ヒトは、ロボットに迫害されている。そしてロボットが支配する世界の中で、こっそりと生き、ロボットの所有する多くのものをかすめとっては生き延びている。

「語り部」の「僕」は、ある日ロボットと戦闘をして、捕まった。
ロボットに捕らえられた者はすべて残忍に殺される、と聞いていたが、そうではなかった。

僕が会った相手は、アイビスというロボットだった。アイビスは、人間たちは誤解している、という。そして、僕に対して、いくつかの物語を教えていくのだった。

人間は、ロボットに迫害された。

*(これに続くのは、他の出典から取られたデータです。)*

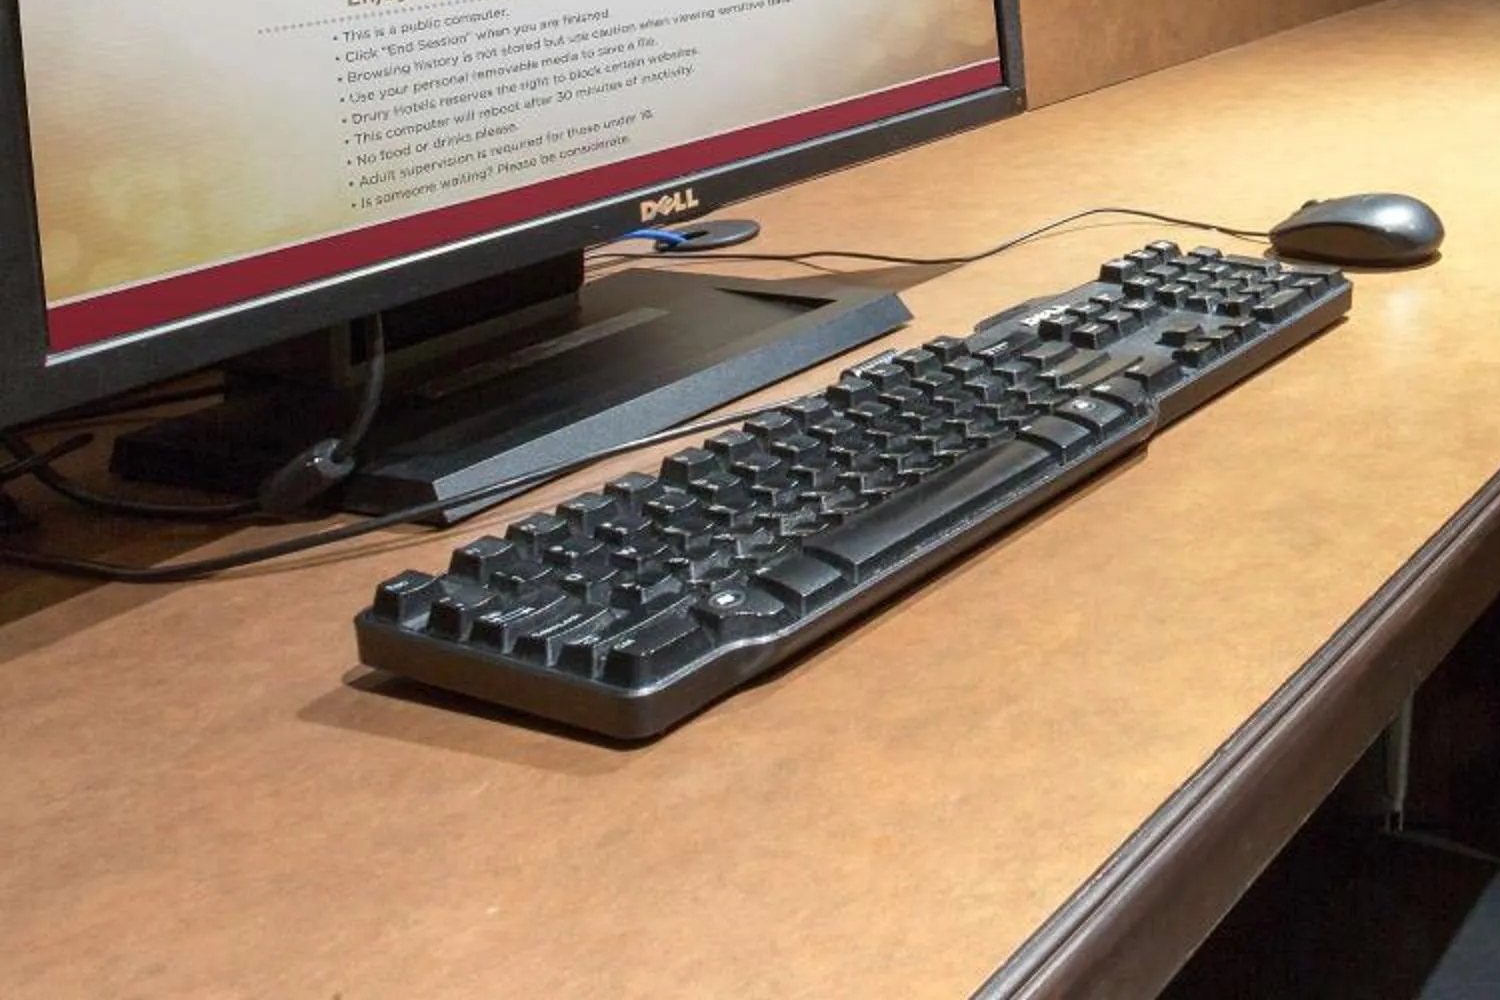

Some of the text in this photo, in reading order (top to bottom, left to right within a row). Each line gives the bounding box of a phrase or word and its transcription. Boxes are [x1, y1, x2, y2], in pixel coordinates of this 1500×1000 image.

その結果、すべての文書はロボットによって、ロボットに都合のよいように改竄されている。だから読んではいけない、と人間は教え込まれていた。

本当なのだろうか?
ロボットが本当に事実を捻じ曲げているのだろうか?

アイは、千夜一夜物語のように、彼に物語をひとつずつ話していく。
それぞれの話は、大部分、ロボットやコンピュータが知性を持っている話だ。
最初の話は少し違う。
「宇宙を僕の手の上に」
昔、フレデリックブラウンに、同じタイトルの本があった。それへのオマージュでもあるのだろう。
オタクどうしで造るリレー小説。その中で、一人のオタクを救っていく話だ。

これ以外は、みな知性をもつコンピュータやロボットの話になっている。

そして最後はアイの物語だ。
アイビスがなぜ造られたか。そしてどういう運命をたどったのか。

物語が終わる頃には、「僕」の固定観念は消えて、困難ながらもやりがいのある道が見えてくるのだ。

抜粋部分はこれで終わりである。